One of the most essential documents that a multiple owner business should have in place is a comprehensive buy/sell agreement. This agreement spells out, in advance, the terms and conditions by which an owner can sell his/her interest in the business. Without such an agreement, a business exposes itself to ownership disputes that can be very costly and even threaten the survival of the company.

Buy/sell agreements are complex documents that should be tailored to the specific needs of each business. Although there are “boilerplate” templates you can find in various places online, these documents will do nothing to address your unique circumstances, and therefore, they will most likely fall well short of providing the protection your business needs. With so much at stake, it is best to have this type of document prepared by an experienced business attorney and with the in-depth input of all stakeholders.
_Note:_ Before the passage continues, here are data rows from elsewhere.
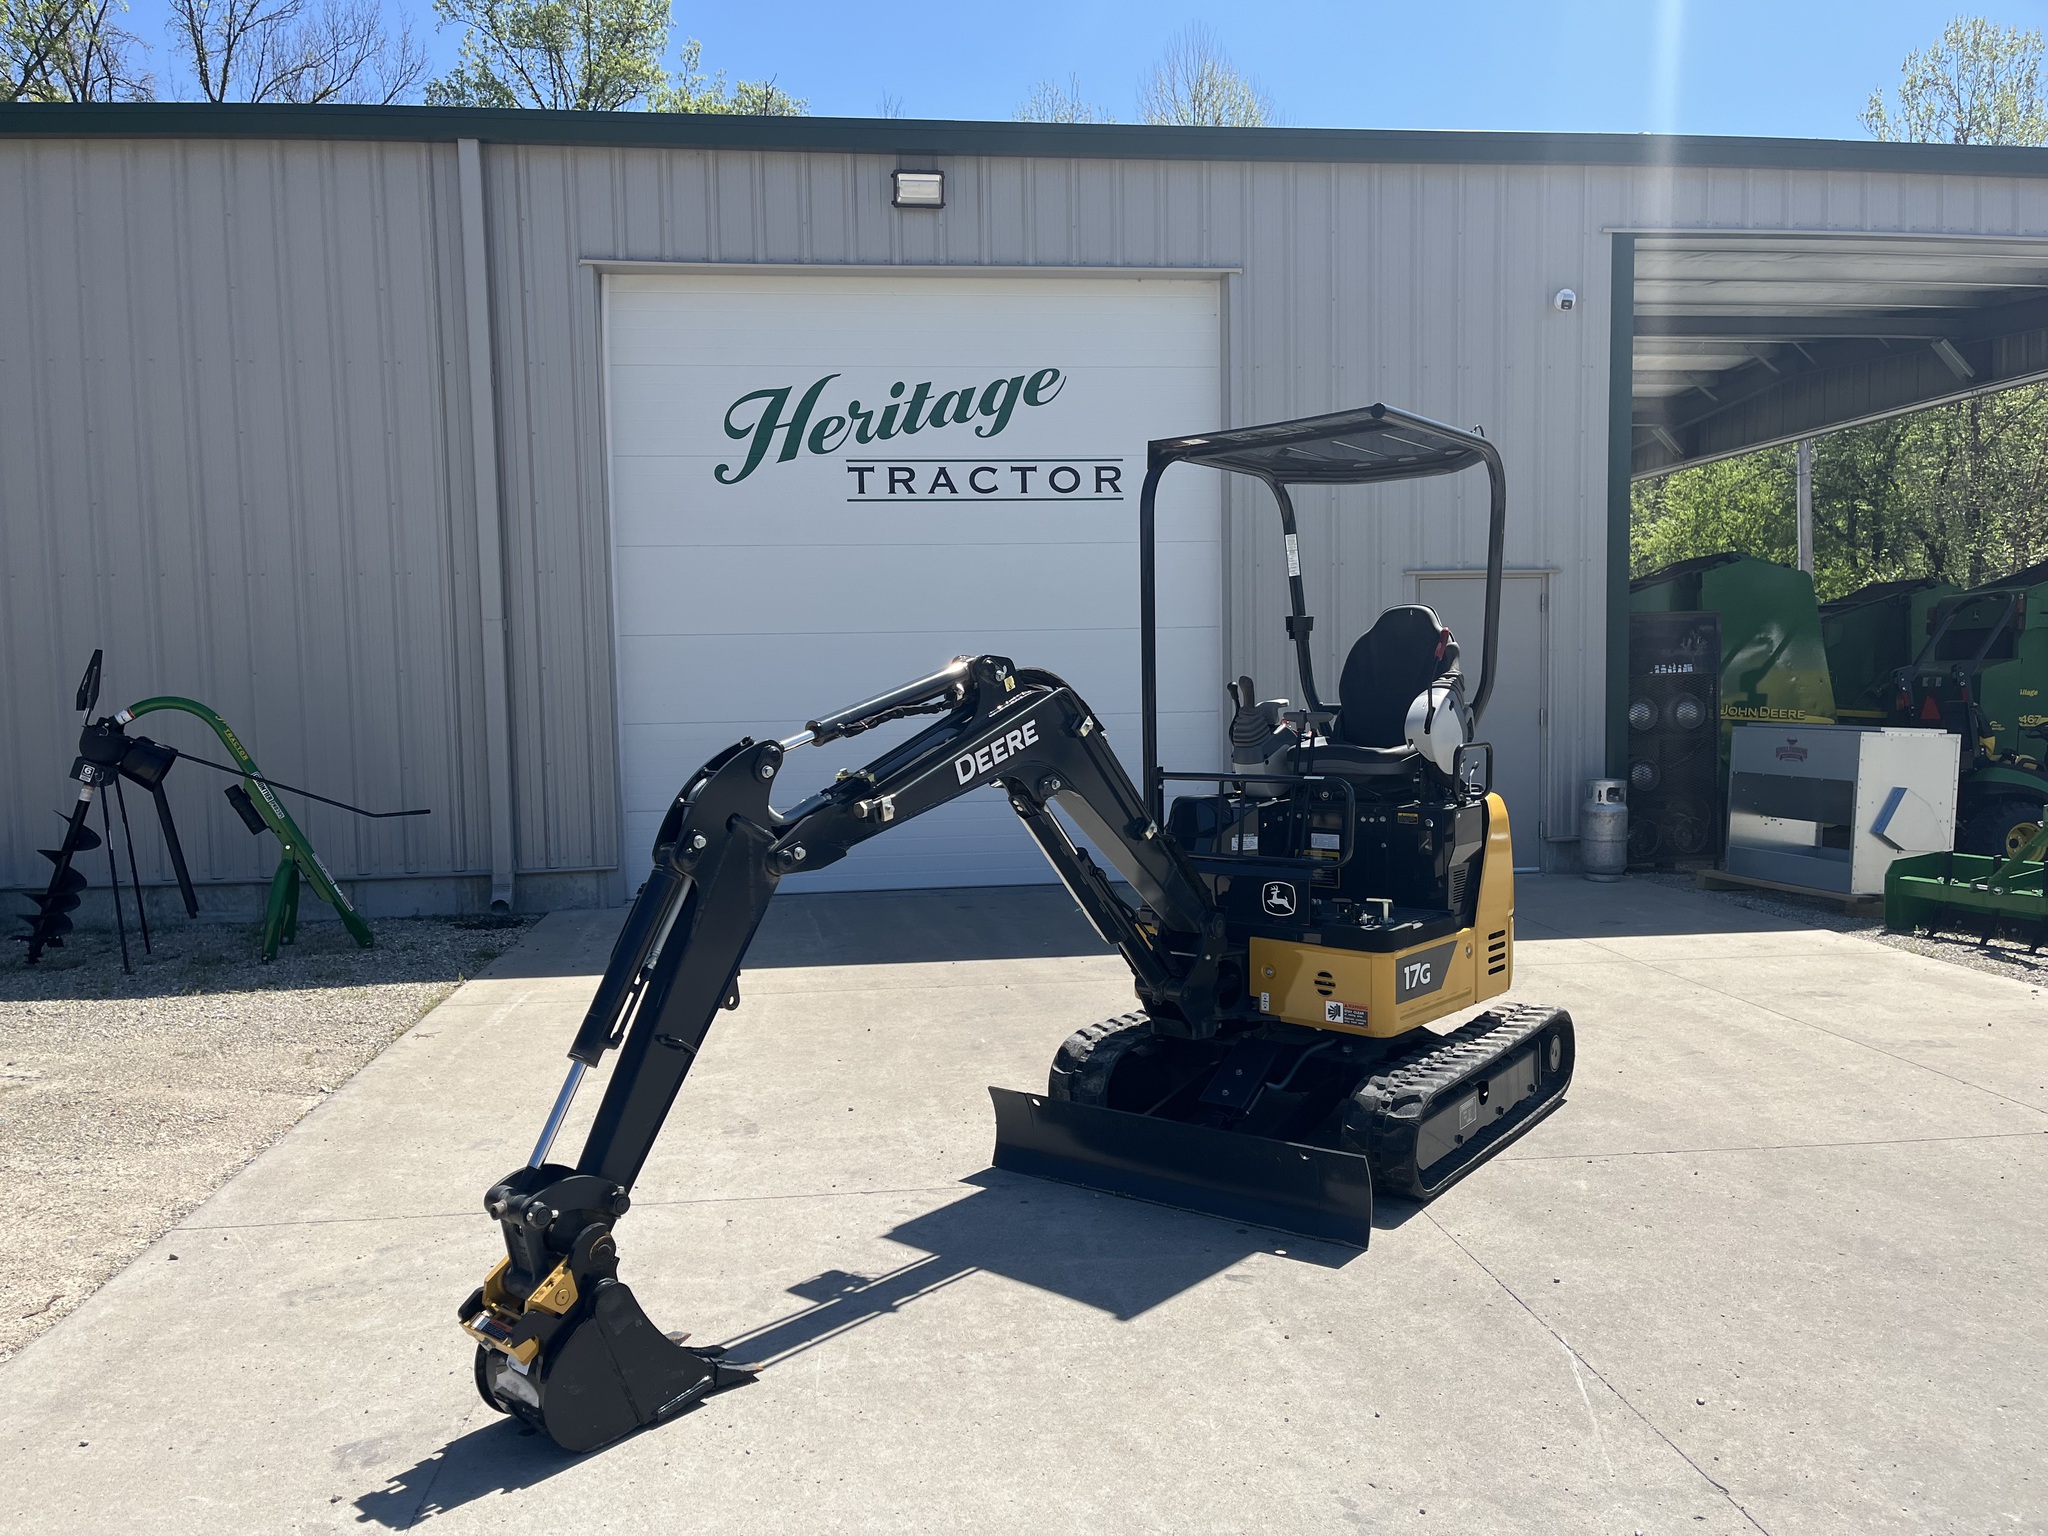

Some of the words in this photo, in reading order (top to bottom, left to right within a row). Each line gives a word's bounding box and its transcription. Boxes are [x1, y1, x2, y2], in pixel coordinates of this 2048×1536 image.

[713, 367, 1068, 485] Heritage
[846, 465, 1123, 495] TRACTOR
[1720, 704, 1758, 718] JOHN
[1759, 706, 1806, 719] DEERE
[2020, 714, 2042, 724] 467
[224, 728, 249, 761] TRACTOR
[954, 719, 1040, 786] DEERE
[1403, 962, 1431, 990] 17G
For over 20 years, Garmo and Garmo, LLP has provided strong legal guidance and representation for all types of businesses in San Diego and throughout Southern California. Our lawyers have in-depth knowledge of business law, and over the years, we have seen just about every issue and dispute that can come up internally between business partners, and between businesses and outside parties.
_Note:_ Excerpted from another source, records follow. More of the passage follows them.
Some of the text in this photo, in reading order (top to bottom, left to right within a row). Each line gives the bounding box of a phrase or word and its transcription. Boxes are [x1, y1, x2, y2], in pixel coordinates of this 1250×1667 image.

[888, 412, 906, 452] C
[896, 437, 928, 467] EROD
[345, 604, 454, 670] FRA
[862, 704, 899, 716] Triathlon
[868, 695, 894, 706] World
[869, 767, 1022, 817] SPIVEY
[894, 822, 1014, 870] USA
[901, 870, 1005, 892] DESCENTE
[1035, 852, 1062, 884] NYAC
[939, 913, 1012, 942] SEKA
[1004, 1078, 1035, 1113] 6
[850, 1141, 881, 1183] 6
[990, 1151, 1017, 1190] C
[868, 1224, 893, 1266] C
We work closely with our clients, and we take the time to learn and understand each specific business, so we can better address their needs. When it comes to buy/sell agreements, we ask detailed questions of the owners to uncover every potential scenario that should be listed in the document. We will also bring up issues that you may not have thought of (based on our experience and what we have seen with other businesses) to help ensure that all important areas are covered.

What is a Buy/Sell Agreement?

A buy/sell agreement (also referred to as a buyout agreement) is not to be confused with a purchase agreement. This type of document is not appropriate for the buying or selling of a business to another party. Buy/sell agreements are binding contracts between the owners of a business, and they set out the terms and conditions under which an owner can sell their interest; such as who is allowed to buy the interest of the owner that is selling, what price will be paid (or how the purchase price will be determined), and how the buyout will be funded. Essentially, buy/sell agreements govern buyouts of owners between themselves, and the details of these types of transactions. Many experts liken them to prenuptial agreements for business co-owners.
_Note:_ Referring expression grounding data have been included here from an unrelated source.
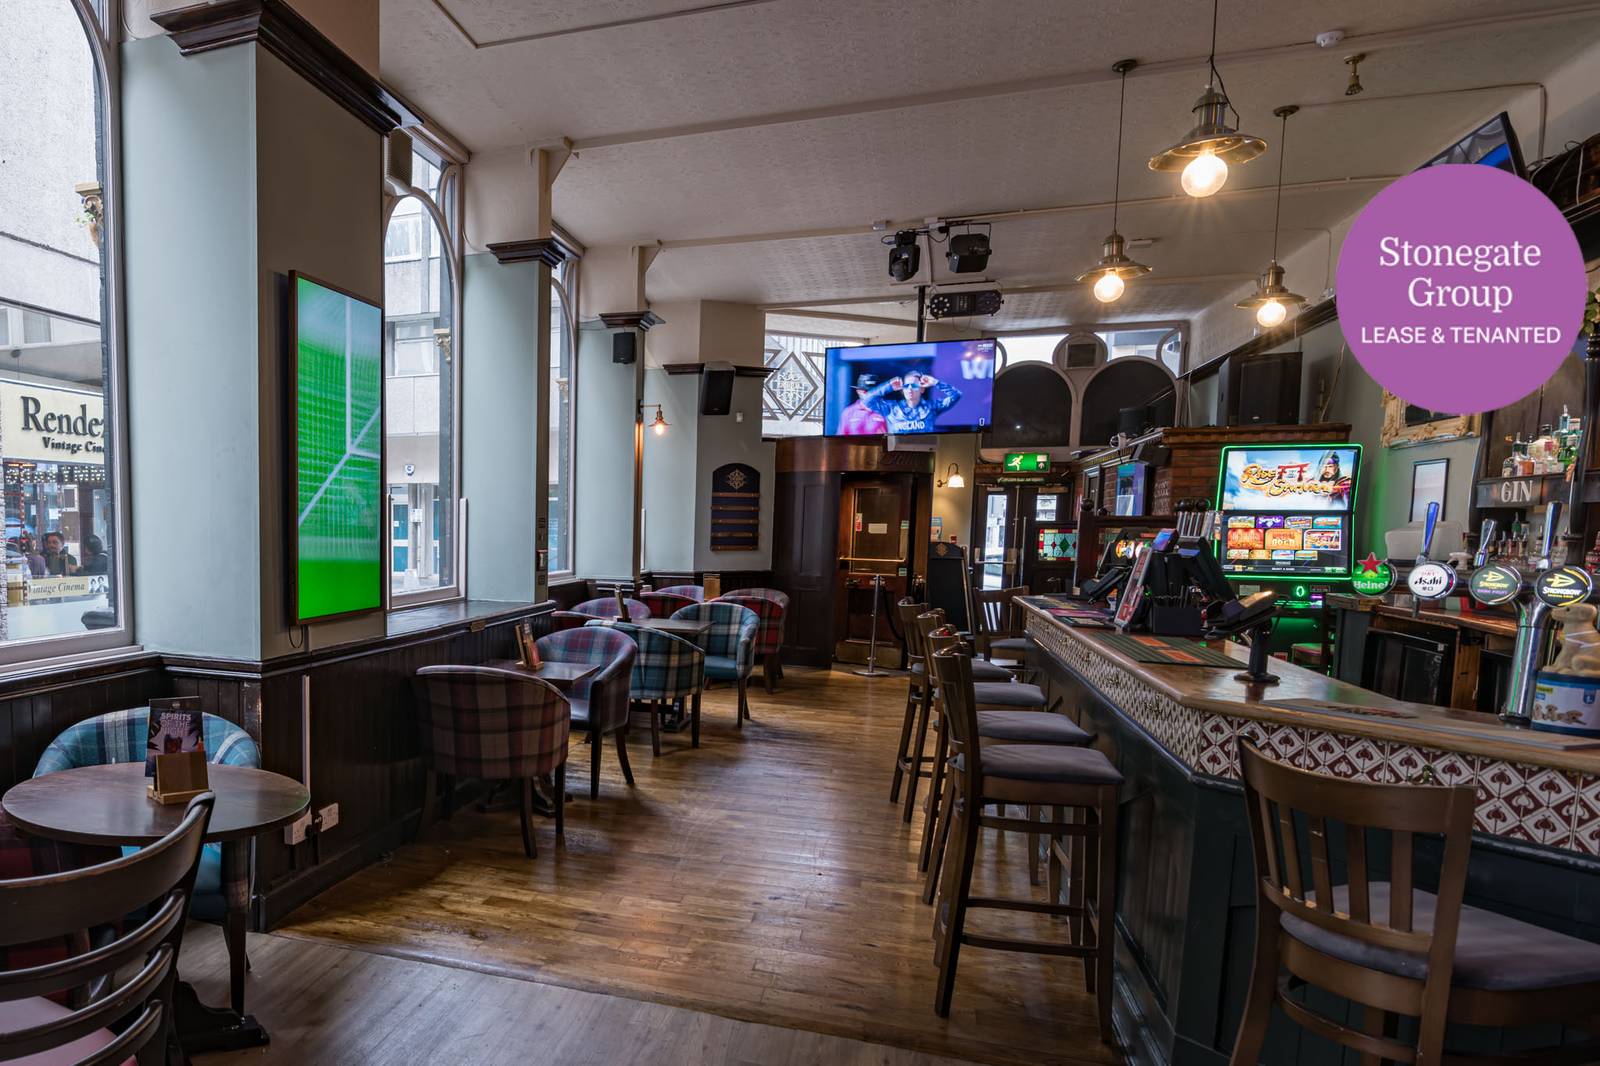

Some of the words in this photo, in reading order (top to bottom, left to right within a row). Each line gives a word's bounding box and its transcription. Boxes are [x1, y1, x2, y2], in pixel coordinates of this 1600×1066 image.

[42, 436, 83, 454] Vintage
[1501, 480, 1533, 503] GIN
[1414, 576, 1443, 586] Asahi
[58, 582, 85, 592] Cinema
[160, 712, 192, 721] SPIRITS
What Can be Covered in a Buy/Sell Agreement?

A well-drafted buy/sell agreement should cover a wide range of triggering events, such as:

  • Retirement: With the passage of time, there is a good chance that one or more of the owners will want to retire. If/when that happens, the agreement could stipulate that the remaining owners could buy out the retiring owner’s shares at a fair price. The agreement should also spell out what “retirement” looks like. For example, what if an owner wants to stop being involved in the business on a full-time basis, but wants to continue in a consulting role? Would this still count as retirement? These and similar questions should be answered.
  • Conflicts among Owners: One of the most common reasons for exercising a buyout option is an irreconcilable dispute among the owners. Most disputes can be resolved through discussion, negotiation, or in some cases, mediation. But when a conflict escalates to the point where one of the owners no longer wants to stay with the business, there should be conditions in place under which this owner can be bought out. Otherwise, this could turn into a costly legal battle.
  • Voluntary Departure: Sometimes, an owner’s departure is not triggered by retirement or a major dispute, they just want to leave to pursue other opportunities or for other reasons.
  • Criminal Conviction: What if an owner becomes involved in criminal activity? Maybe it starts out as an investigation that turns into an indictment and eventually a criminal conviction. If one of the owners is convicted of a crime, this could threaten the integrity of the business, and drastic action may have to be taken to preserve it. In this type of scenario, one of the cleanest solutions is to buy out the convicted owner.
  • Divorce: If one of the owners gets divorced, their ex-spouse may end up becoming a co-owner. This is more likely in a community property state like California, where all assets are considered to be equally owned by both spouses. A buy/sell agreement can give the other owners the right to buy out the interest owned by the ex-spouse.
  • Bankruptcy: Many people go through financial struggles during their lives for various reasons. And sometimes, it reaches the point where the only way to get back on their feet financially is to file for bankruptcy. But for the co-owner of a business, bankruptcy is a very serious matter. If an owner goes into bankruptcy without selling their interest in the business, the bankruptcy court may allow creditors to pursue their shares in order to satisfy the outstanding debts. A buy/sell agreement should require co-owners to inform other owners before filing for bankruptcy, so that a buyout can be completed first.
  • Death or Incapacitation: No one ever likes to contemplate this scenario, but it cannot be ignored. At some point, a co-owner might pass away or experience a health issue that renders them incapacitated. Without a buyout agreement, this owner’s interest would be owned and/or controlled by their spouse or other family members. And this would be far from ideal if these individuals have no connection with more interest in the business.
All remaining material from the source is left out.